X_validation = validation.drop(['t_0'], axis = 1)
y_validation = validation['t_0']

In [None]:
model = xgb.XGBRegressor()
model.fit(X_train, y_train)

y_predict = model.predict(X_validation)
y_predict_train = model.predict(X_train)
from sklearn.metrics import mean_absolute_error, r2_score, mean_squared_error
print('Mean Absolute error validation set:', mean_absolute_error(y_validation,y_predict))
print('Mean Absolute error train set:', mean_absolute_error(y_train,y_predict_train))
print('R2 validation set:', r2_score(y_validation,y_predict))
print('R2 train set:', r2_score(y_train,y_predict_train))
print('RMSE validation set:', mean_squared_error(y_validation,y_predict))
print('RMSE train set:', mean_squared_error(y_train,y_predict_train))

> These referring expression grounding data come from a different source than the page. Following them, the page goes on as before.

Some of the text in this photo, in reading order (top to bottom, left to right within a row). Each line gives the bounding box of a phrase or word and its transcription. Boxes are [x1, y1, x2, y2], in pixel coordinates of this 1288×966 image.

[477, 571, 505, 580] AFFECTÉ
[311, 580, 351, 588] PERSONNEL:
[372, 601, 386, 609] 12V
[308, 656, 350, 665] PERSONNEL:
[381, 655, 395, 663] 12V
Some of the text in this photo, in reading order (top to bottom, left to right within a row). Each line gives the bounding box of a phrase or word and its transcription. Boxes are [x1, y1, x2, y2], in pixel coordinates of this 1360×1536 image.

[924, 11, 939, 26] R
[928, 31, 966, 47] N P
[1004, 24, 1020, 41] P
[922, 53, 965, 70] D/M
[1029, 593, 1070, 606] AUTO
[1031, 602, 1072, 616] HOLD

### Hyperparameter tuning setup

In [None]:
#specify parameter range

# base_score = [0.25,0.5,0.75,1]
# n_estimators = [10,100,500,800,1000,1200,1500]
# max_depth = [2,3,4,5,8,10,15]
# booster = ['gbtree','gblinear']
# learning_rate = [0.01,0.05,0.1,0.15,0.2]
# min_child_wight = [1,2,3,4]


# hyperparameter_grid = {
#     'n_estimators':n_estimators,
#     'max_depth': max_depth,
#     'learning_rate': learning_rate,
#     'min_child_weight': min_child_wight,
#     'booster': booster,
#     'base_score':base_score
# }

In [None]:
model = xgb.XGBRegressor()

In [None]:
# Hyperparameter tuning

# random_cv = model_selection.RandomizedSearchCV(estimator = model,
#                                               param_distributions=hyperparameter_grid,
#                                               cv = 5,
#                                               n_iter = 50,
#                                               scoring='neg_mean_absolute_error',
#                                               n_jobs = 4,
#                                               return_train_score=True,
#                                               random_state=42)

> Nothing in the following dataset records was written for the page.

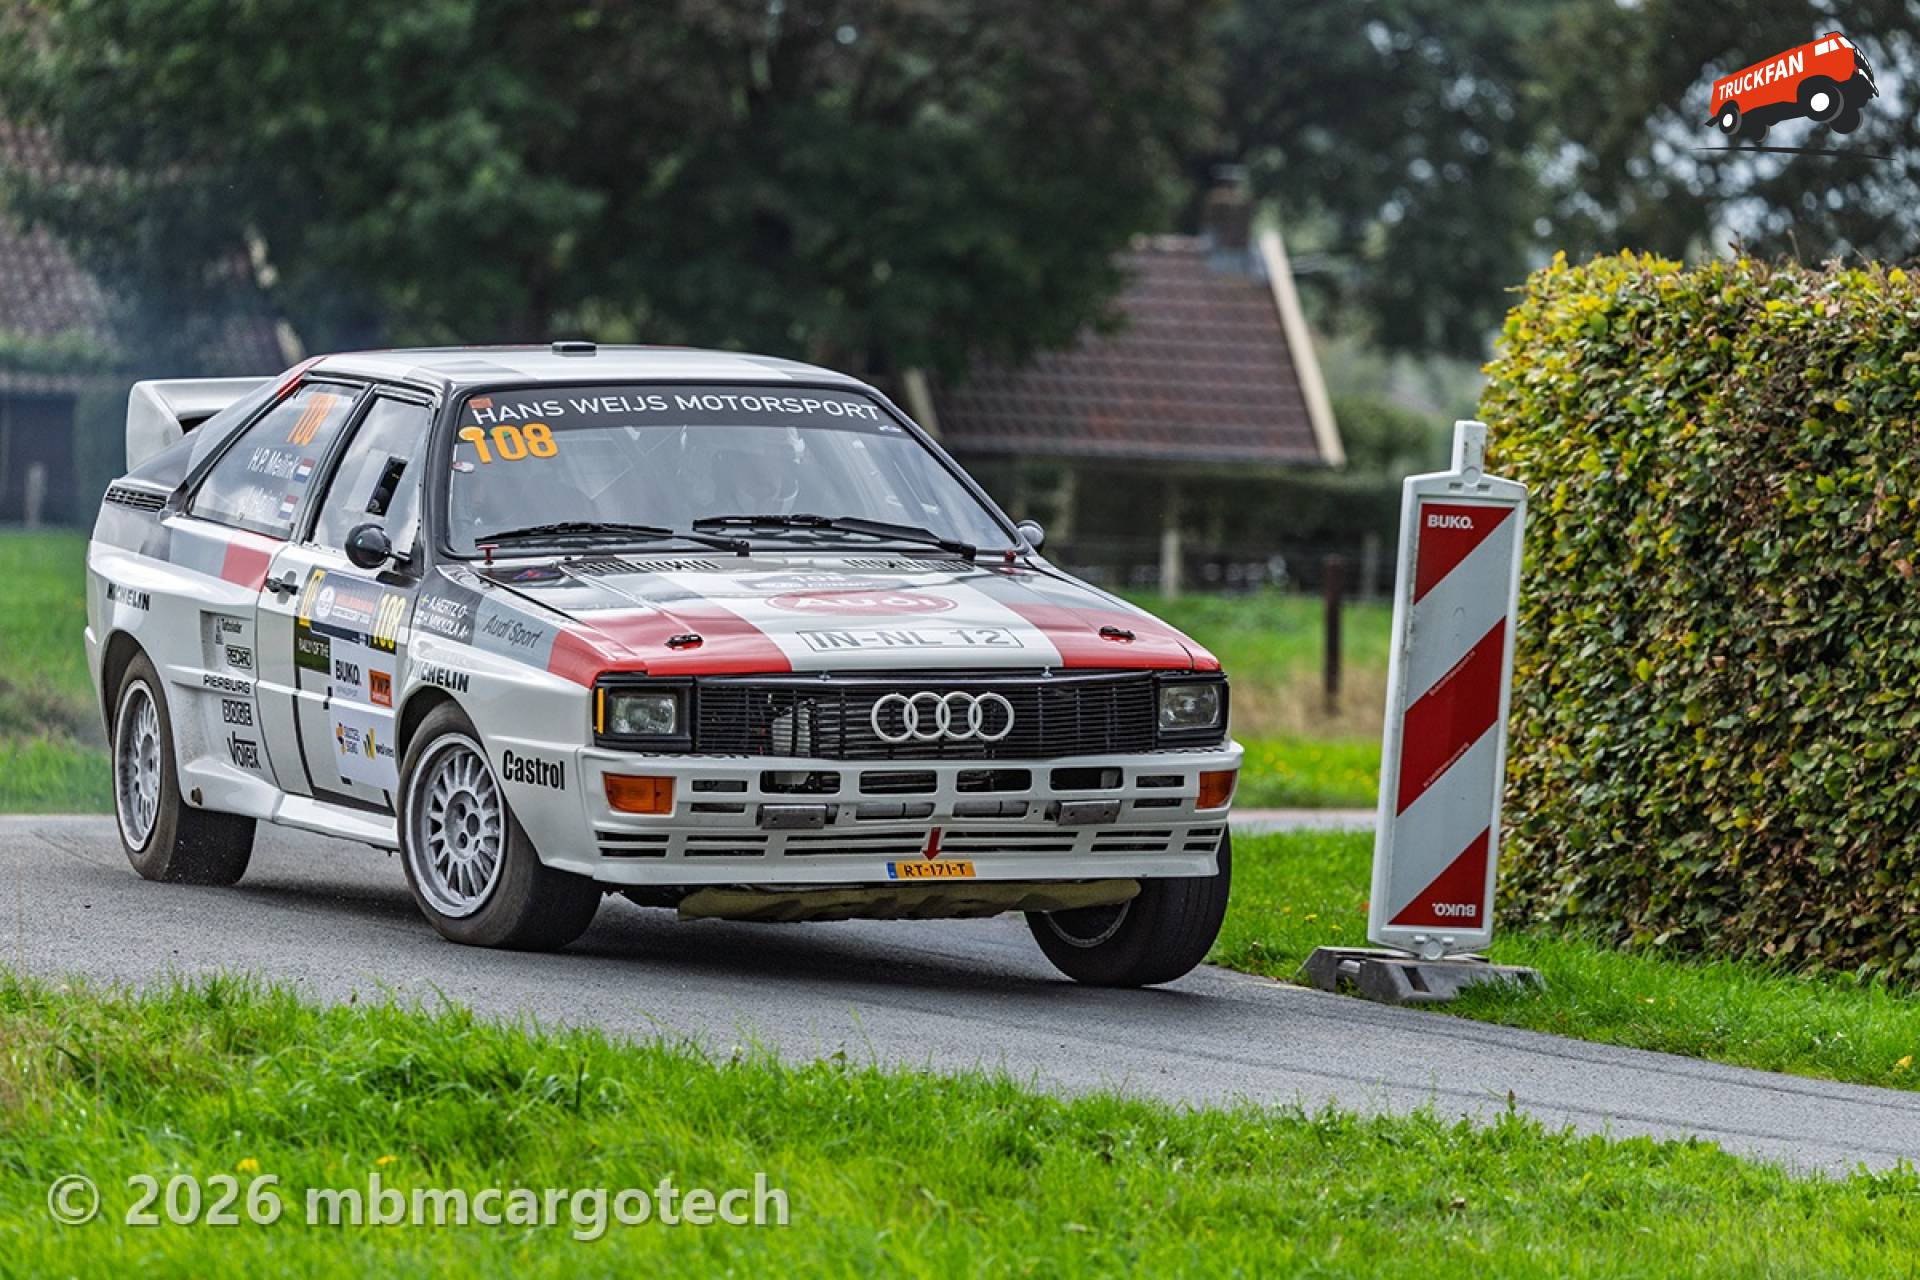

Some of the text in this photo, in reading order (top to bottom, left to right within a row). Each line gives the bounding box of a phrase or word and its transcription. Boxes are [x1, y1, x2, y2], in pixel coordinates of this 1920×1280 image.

[472, 394, 879, 425] HANS WEIJS MOTORSPORT
[459, 422, 559, 464] 108
[482, 613, 544, 649] Audi Sport
[804, 628, 1011, 649] IN-NL 12
[203, 674, 251, 695] PIERBURG
[222, 699, 253, 726] BOGE
[503, 749, 566, 790] Castrol
[903, 863, 966, 877] RT-171-T

# random_cv.fit(X_train,y_train)
# random_cv.best_estimator_


# dict_results = random_cv.cv_results_

# plotting the hyperparameters
# df_results = pd.DataFrame(dict_results)

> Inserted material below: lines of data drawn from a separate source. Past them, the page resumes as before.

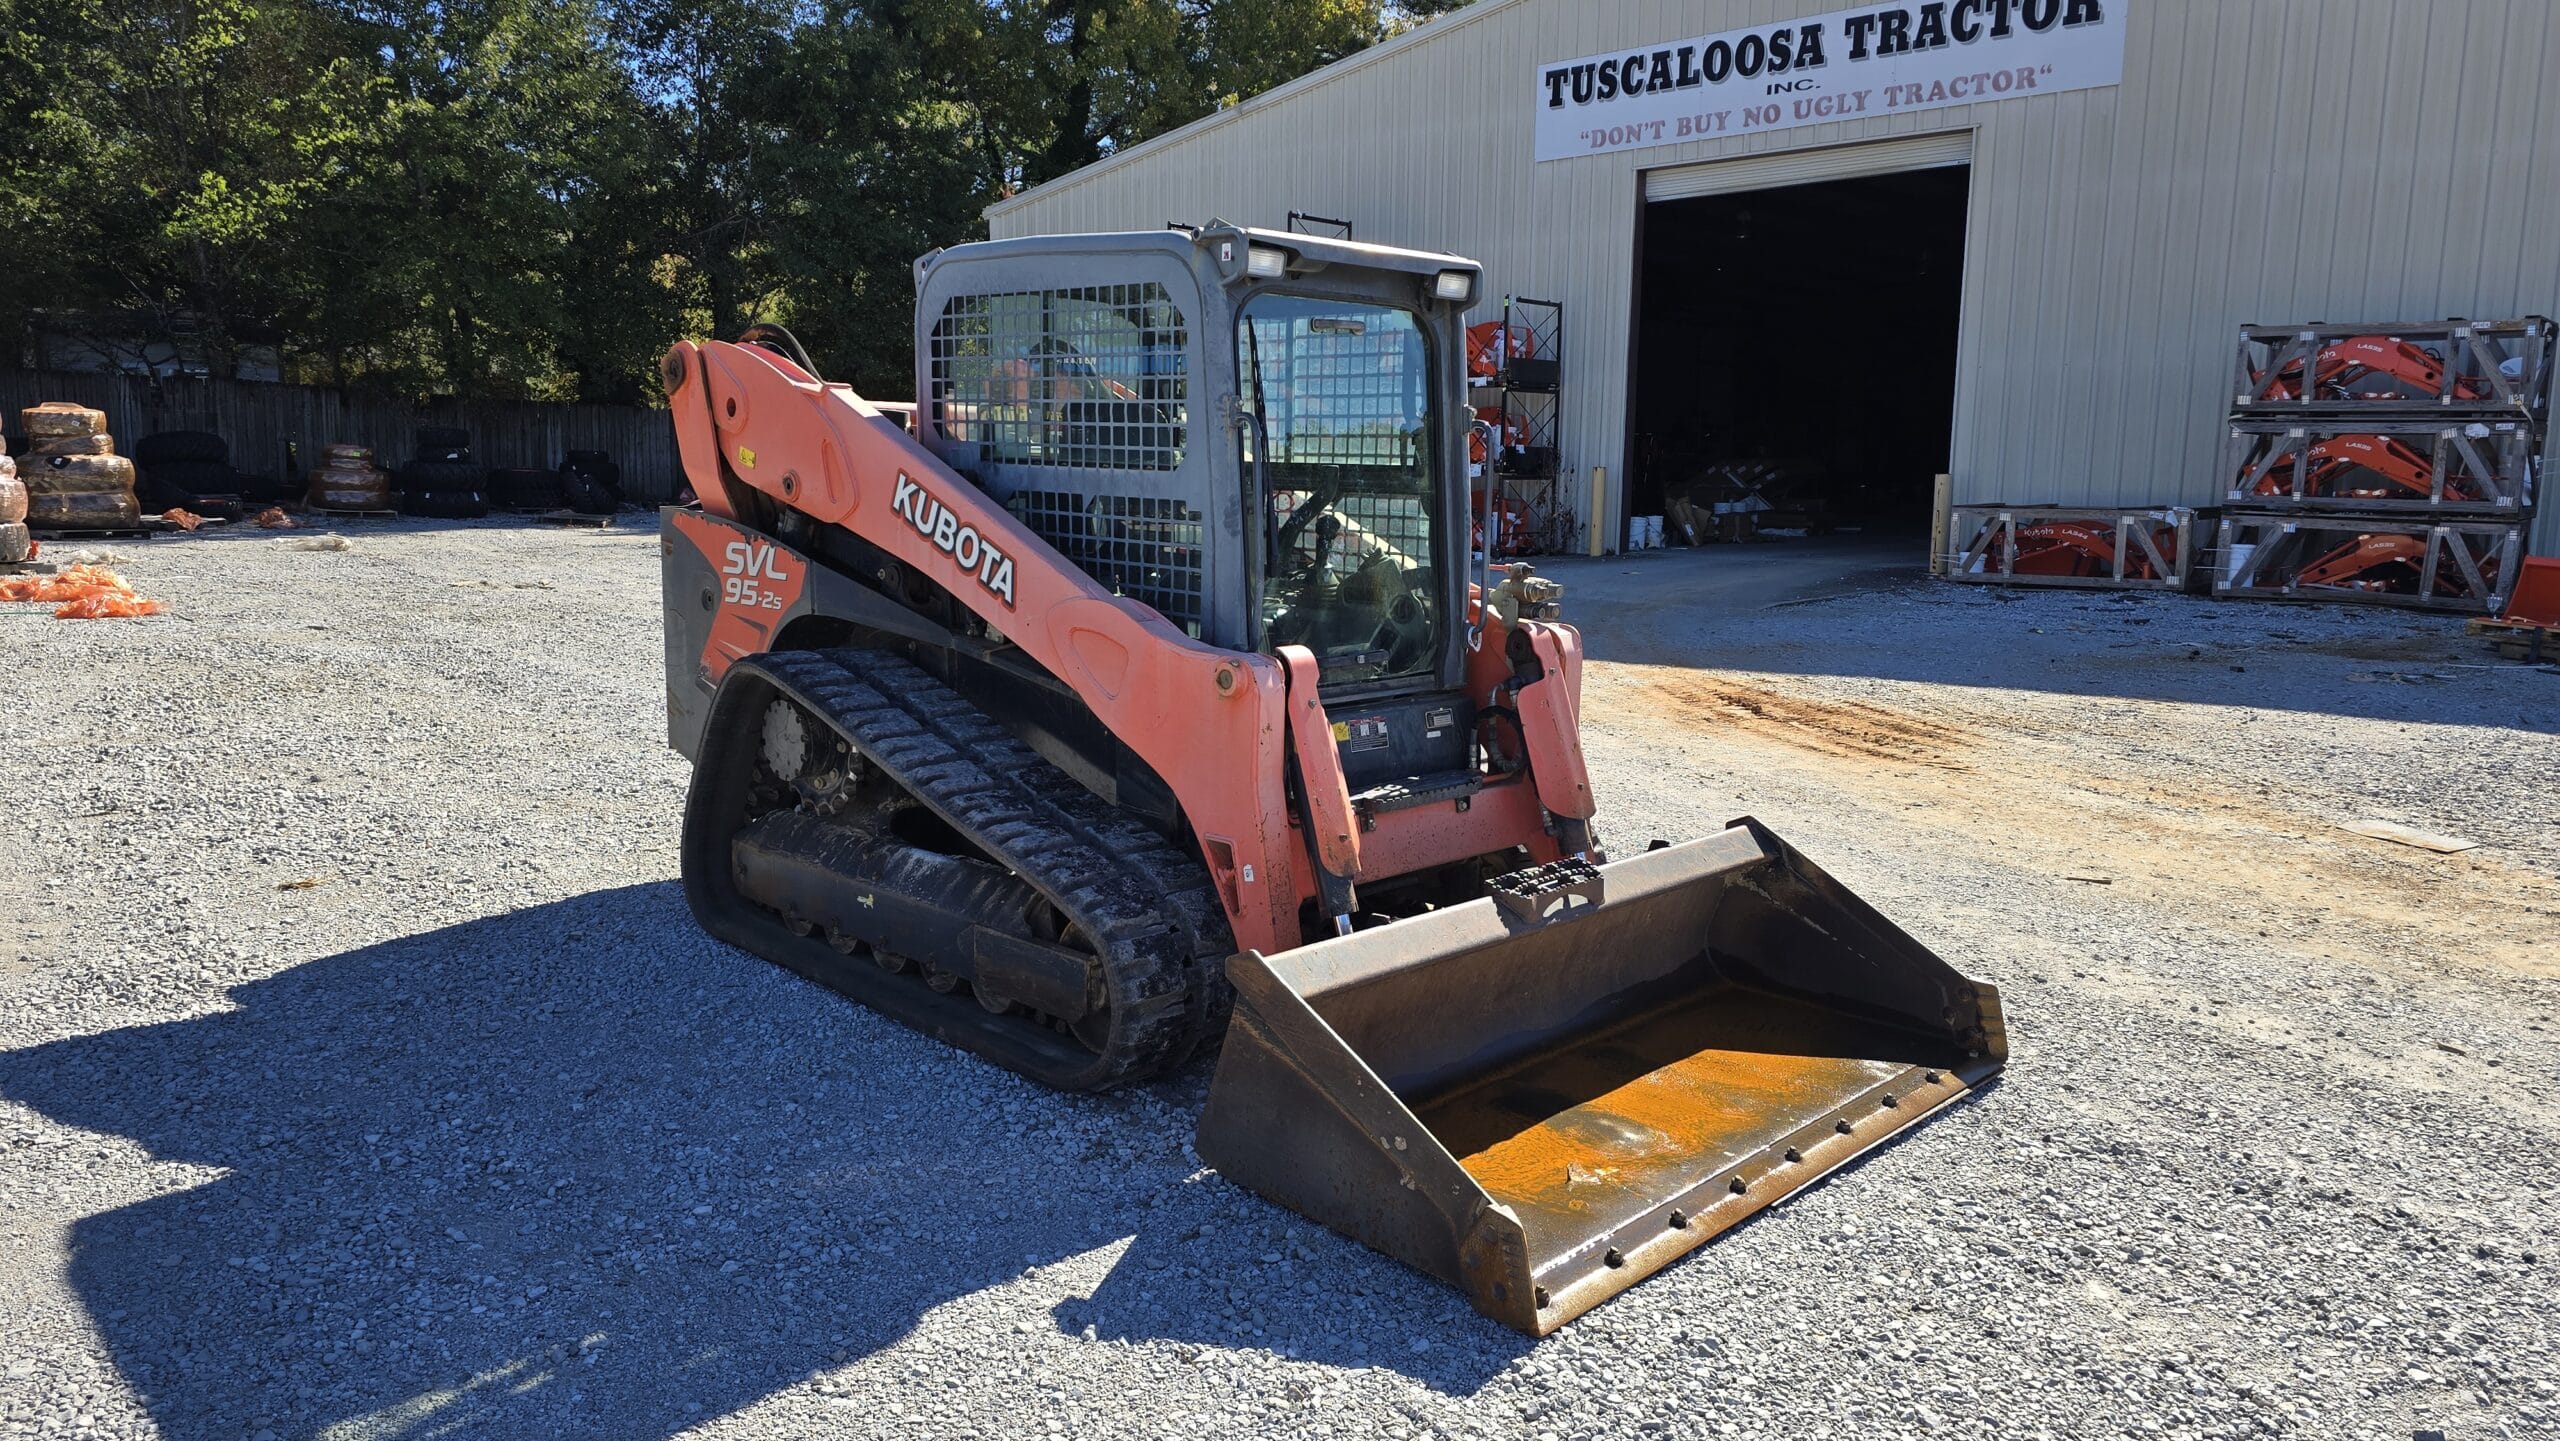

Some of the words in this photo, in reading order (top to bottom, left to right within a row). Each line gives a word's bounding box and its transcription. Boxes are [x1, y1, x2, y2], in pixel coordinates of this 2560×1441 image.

[1546, 23, 1826, 108] TUSCALOOSA
[1766, 79, 1821, 95] INC.
[1676, 110, 1732, 137] BUY
[1743, 104, 1781, 127] NO
[1793, 90, 1872, 119] UGLY
[2299, 350, 2336, 365] Kota
[2289, 446, 2326, 460] Kota
[892, 473, 1013, 604] KUBOTA
[723, 541, 787, 580] SVL

# neg_mean_abs_val = df_results['mean_test_score'].values
# plt.plot(neg_mean_abs_val)
# plt.xlabel('Hyper-parameter configuration number')
# plt.ylabel('Negative mean absolute error')

In [None]:
#model with second best hyperparameters
xgb_2best_model = xgb.XGBRegressor(base_score=1, booster='gbtree', colsample_bylevel=1,
             colsample_bynode=1, colsample_bytree=1, gamma=0,
             importance_type='gain', learning_rate=0.05, max_delta_step=0,
             max_depth=10, min_child_weight=3, missing=None, n_estimators=100,
             n_jobs=1, nthread=None, objective='reg:linear', random_state=0,
             reg_alpha=0, reg_lambda=1, scale_pos_weight=1, seed=None,
             silent=None, subsample=1, verbosity=1)

In [None]:
# model with best hyperparameters
xgb_best_model = xgb.XGBRegressor(base_score=0.5, booster='gbtree', colsample_bylevel=1,
             colsample_bynode=1, colsample_bytree=1, gamma=0,
             importance_type='gain', learning_rate=0.2, max_delta_step=0,
             max_depth=15, min_child_weight=2, missing=None, n_estimators=10,
             n_jobs=1, nthread=None, objective='reg:linear', random_state=0,
             reg_alpha=0, reg_lambda=1, scale_pos_weight=1, seed=None,
             silent=None, subsample=1, verbosity=1)

In [None]:
xgb_2best_model.fit(X_train, y_train)

y_predict = xgb_2best_model.predict(X_validation)
y_predict_train = xgb_2best_model.predict(X_train)
from sklearn.metrics import mean_absolute_error, r2_score, mean_squared_error
print('Mean Absolute error validation set:', mean_absolute_error(y_validation,y_predict))
print('Mean Absolute error train set:', mean_absolute_error(y_train,y_predict_train))
print('R2 validation set:', r2_score(y_validation,y_predict))
print('R2 train set:', r2_score(y_train,y_predict_train))
print('RMSE validation set:', mean_squared_error(y_validation,y_predict))
print('RMSE train set:', mean_squared_error(y_train,y_predict_train))

In [None]:
xgb_best_model.fit(X_train, y_train)

y_predict = xgb_best_model.predict(X_validation)
y_predict_train = xgb_best_model.predict(X_train)
from sklearn.metrics import mean_absolute_error, r2_score, mean_squared_error
print('Mean Absolute error validation set:', mean_absolute_error(y_validation,y_predict))
print('Mean Absolute error train set:', mean_absolute_error(y_train,y_predict_train))
print('R2 validation set:', r2_score(y_validation,y_predict))
print('R2 train set:', r2_score(y_train,y_predict_train))
print('RMSE validation set:', mean_squared_error(y_validation,y_predict))
print('RMSE train set:', mean_squared_error(y_train,y_predict_train))

In [None]:
_ = xgb.plot_importance(xgb_2best_model, height=0.9)

In [None]:
_ = xgb.plot_importance(xgb_best_model, height=0.9)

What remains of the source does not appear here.